Fin dalla prima mattina, una vicina entrò nel cortile di Elisabetta in lacrime, i capelli arruffati e le mani tremanti. Era Giovanna.
“Tutto è perduto!” singhiozzava. “La serra, tutto il raccolto… qualcuno l’ha distrutto stanotte! Contavo su quei pomodori e quelle zucchine. Per i bambini, per noi, qualcosa da vendere… ora non c’è più niente!”
“Non disperarti, Giovanna,” cercava di consolarla Elisabetta. “Non è la fine del mondo. Sistemeremo tutto. Ci penserà Marco, lui è bravissimo con le mani!”
“Che Marco,” sbottò Giovanna. “Mio marito è fuori di testa da tre giorni, beve senza fermarsi. Tutto ricade su di me. E ora ho perso anche l’ultima speranza per la stagione…”
Elisabetta rifletté. Voleva aiutare, ma c’era qualcosa nel comportamento della vicina che la insospettiva. Ultimamente passava troppo spesso da loro: a chiedere sale, piantine, o solo per chiacchierare. E sempre vestita bene, come se andasse a un appuntamento, non nell’orto.
In realtà, Giovanna covava un piano da tempo. Dopo i tradimenti del marito e le continue liti, aveva rivolto le sue attenzioni a un altro uomo — Marco, tranquillo, laborioso, sobrio. E poi, Elisabetta non era certo meglio di lei! Giovanna era più bella, più intraprendente e pure una brava massaia. Ma spostare una donna come Elisabetta non era facile: ci voleva astuzia.
Decise di giocarsi tutto. Pagò generosamente un fannullone del paese, Sandro, per distruggere la serra durante la notte. Peccato per il raccolto? Certo. Ma se quello era il prezzo per la felicità, ne valeva la pena.
Così la mattina dopo, la scena delle lacrime, la visita da Elisabetta, i lamenti e le allusioni. Tutto per un solo scopo: far sì che Marco andasse da lei, che si avvicinasse.
Ma Marco, sebbene buono, non era uno sciocco. Capì subito che Giovanna nascondeva qualcosa. Rifiutarsi l’avrebbe offesa, accettare le avrebbe dato speranza. Allora escogitò una mossa imprevista.
Andò da Antonio, il marito di Giovanna, e gli parlò senza giri di parole:
“Fratello, tieni d’occhio tua moglie,” gli disse. “Il caposquadra del paese, Paolo, è chiaramente interessato a lei. Le offre soldi, gite fuori porta. Eppure lei rifiuta sempre… aspetta solo te. Ti vuole bene, non vuole lasciare la famiglia…”
Ad Antonio sembrò cadergli una benda dagli occhi. Sì, beveva, gridava, trascurava la famiglia. Ma sua moglie era bella, fedele, paziente… e lui cosa faceva? Distruggeva tutto con le sue mani. E se davvero gliela portassero via?
Il mattino seguente, fu Antonio stesso a riparare la serra. Poi prese i risparmi nascosti e li diede a Giovanna, che lo guardò a bocca aperta — non se l’aspettava.
“Andiamo al mare,” le disse. “Riposiamoci, come una volta. Siamo insieme da tanti anni, eppure ci sembriamo estranei.”

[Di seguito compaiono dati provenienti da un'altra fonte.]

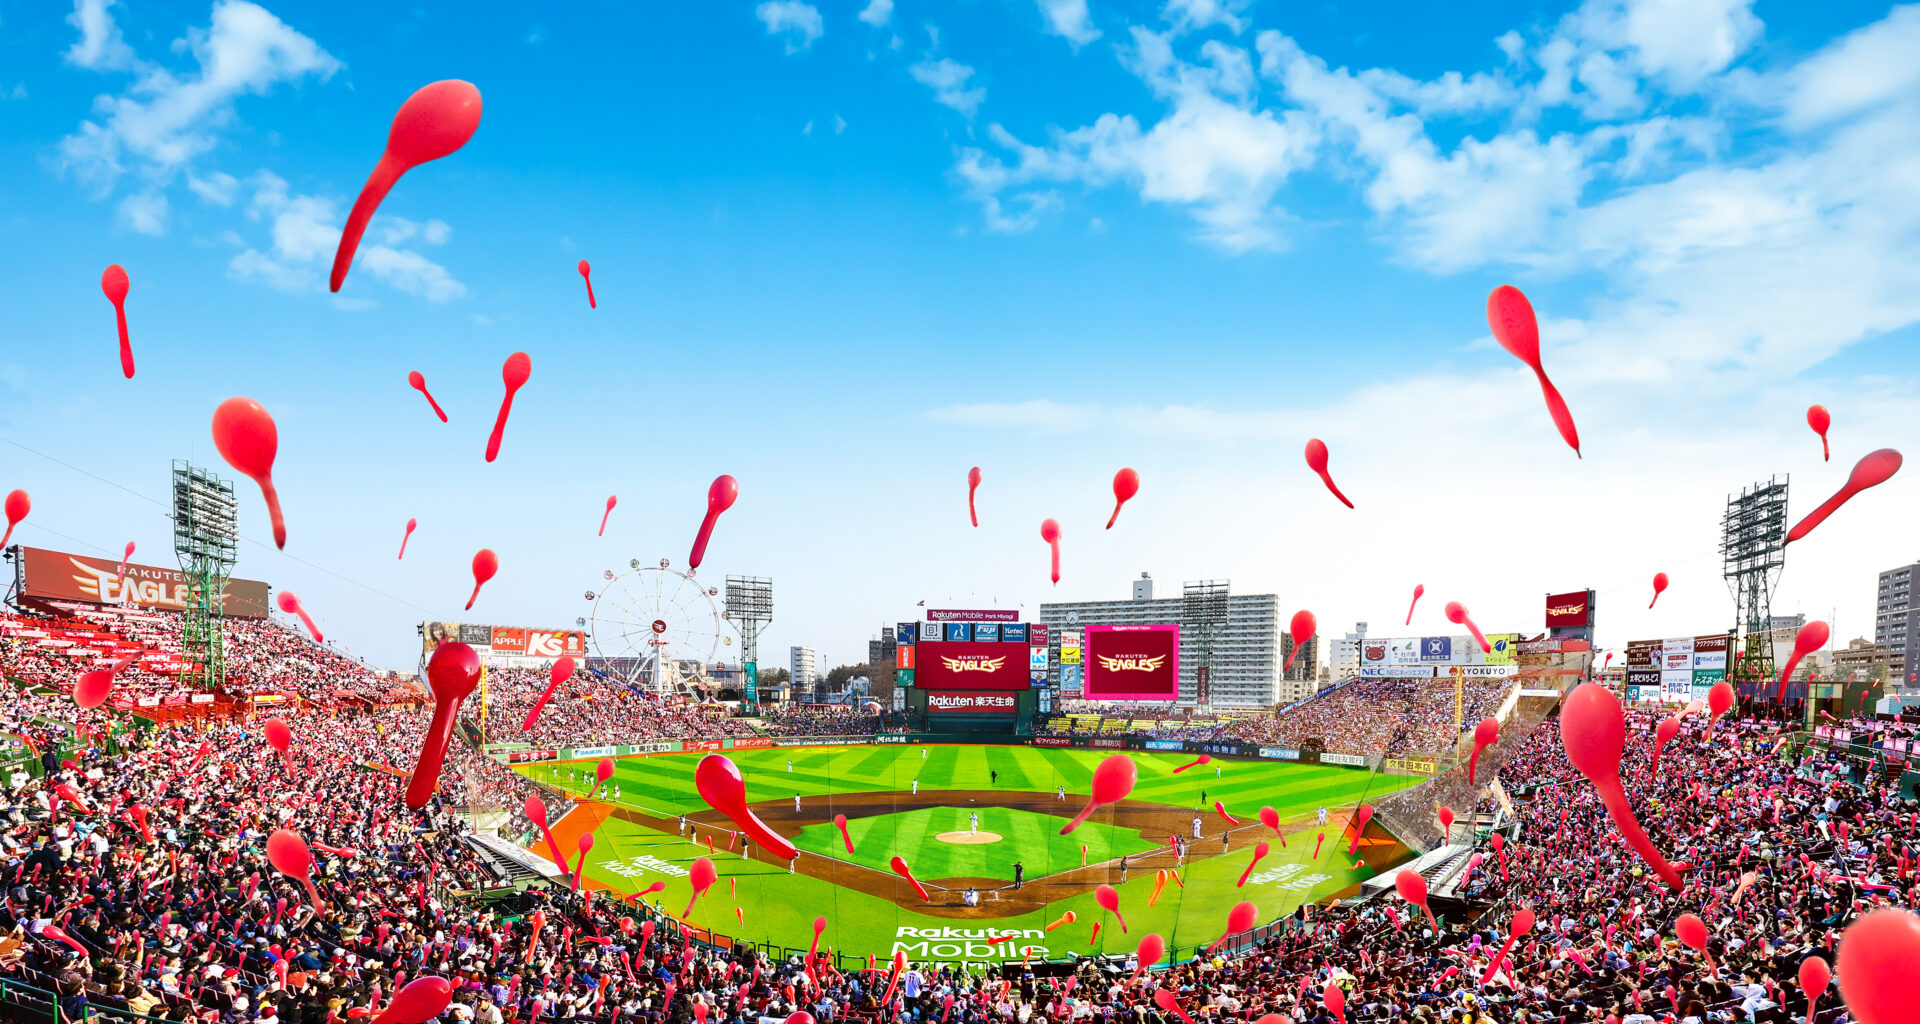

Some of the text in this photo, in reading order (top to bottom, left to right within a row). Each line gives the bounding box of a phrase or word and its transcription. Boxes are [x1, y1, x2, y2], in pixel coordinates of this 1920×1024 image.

[932, 611, 961, 620] Rakuten
[961, 611, 983, 619] Mobile
[493, 637, 524, 646] APPLE
[948, 658, 999, 672] EAGLES
[1106, 657, 1158, 672] EAGLES
[1362, 668, 1385, 676] NEC
[1694, 675, 1724, 685] トスネット
[1628, 689, 1638, 697] JR
[929, 695, 1014, 709] Rakuten 楽天生命
[639, 743, 666, 752] 東北電力
[1204, 745, 1237, 754] 小松物産
[519, 752, 550, 760] やまや
[1321, 754, 1364, 765] 三井住友銀行
[1389, 759, 1431, 772] 久保田本店
[896, 926, 1045, 940] Rakuten
[891, 941, 1050, 958] Mobile

Giovanna si rianimò. Corse a fare shopping, comprò vestiti nuovi e se ne vantò con tutte le amiche. Passò anche da Elisabetta, orgogliosa della sua nuova vita.
E Elisabetta sorrise. Aveva capito tutto. Ma tacque. Nessuno le avrebbe portato via Marco. Né regali, né lacrime, né inganni.
Si limitò a chiudere la porta dietro Giovanna e andò da suo marito — per abbracciarlo, ringraziarlo e, a dirla tutta, per essere un po’ orgogliosa. Di lui, della loro famiglia. E del fatto che, a differenza di altri, non aveva mai costruito la sua felicità sulla sventura altrui.